Coming out as polyamorous to her parents was harder than coming out as queer. April’s mom was like, “Oh, okay, so you like more than just him, that’s cool,” and that was fine. But as soon as April was like, “Yeah, well, I’m going to pursue it,” it was like, “Whoa, whoa, whoa. You can think it, you can feel it, but because you’re married, you’re not allowed to try it. You already did your thing. You aren’t allowed to experiment with it, because you had to find one person and marry them.” April’s mom is getting more and more accepting as time goes on, but it’s a learning curve. Whereas her father will never become more accepting. It seemed confusing to him, the prospect that April didn’t care what genitals people had. It was too jarring.
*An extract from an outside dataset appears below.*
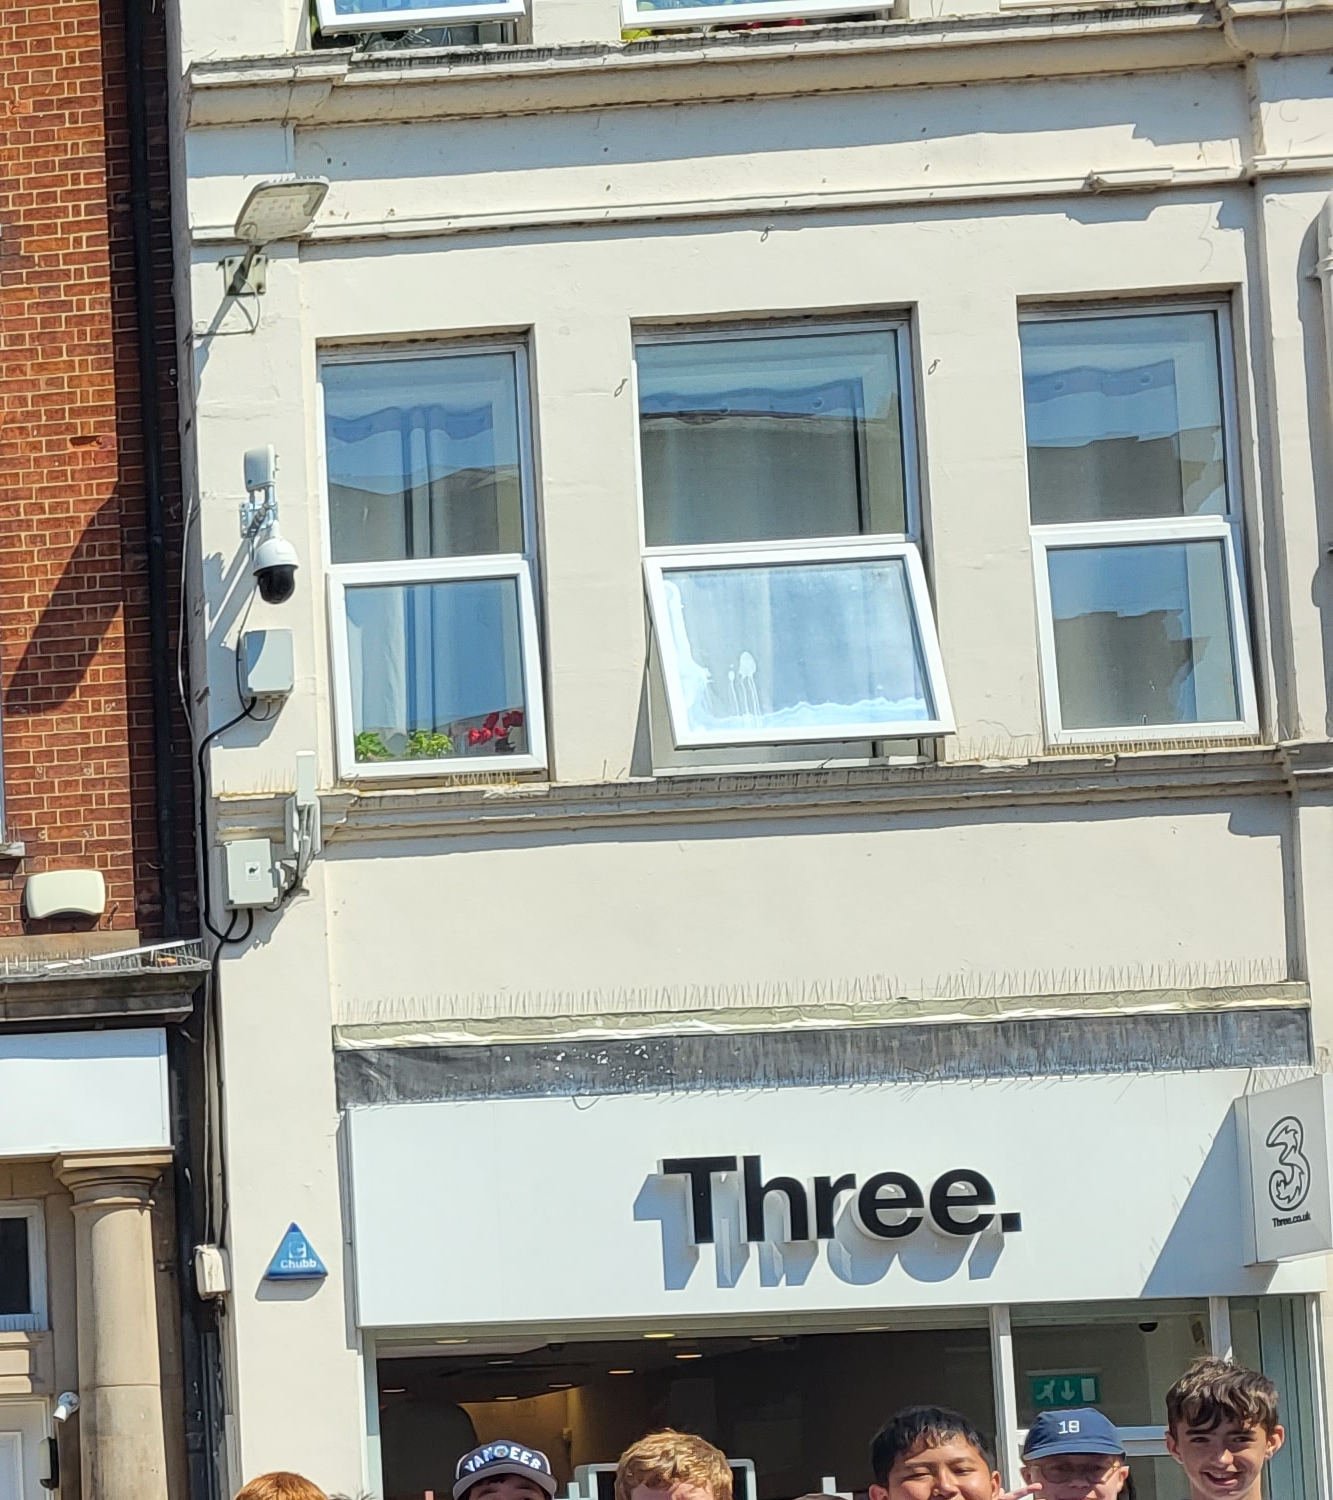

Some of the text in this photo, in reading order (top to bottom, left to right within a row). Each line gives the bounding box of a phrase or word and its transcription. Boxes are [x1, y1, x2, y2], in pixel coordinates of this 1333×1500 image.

Because of all this, April finds it hard to relate to younger people. She can’t understand what they’re saying, their newfangled lingo. When she looks at her parents’ generation, a lot of them run the political landscape, and you get the message from them that “queer” isn’t real and you’re broken. And then if you talk to the younger kids, it’s almost like you should be so empowered with your queerness that it defines you. The older generation is still conservative and so restricting, and then Gen Z is mad at millennials for not really doing more to fix things, but then, April feels like, What were we supposed to do?
April does sex work for a living. And she sees a therapist regularly. But she still doesn’t quite know what to call herself. Learning about other people opened her eyes to other options and showed her that variations were okay. But at thirty, April feels like she’s just now learning how to be herself. When she lived with her parents, it was like, “Discover who you are, to be that thing right away, so you can be perfect and get your life on track.” Now her life is enjoying and discovering who she is, seeing who she wants to be, taking it at a pace that works for her and doing what she wants—not doing something for somebody else.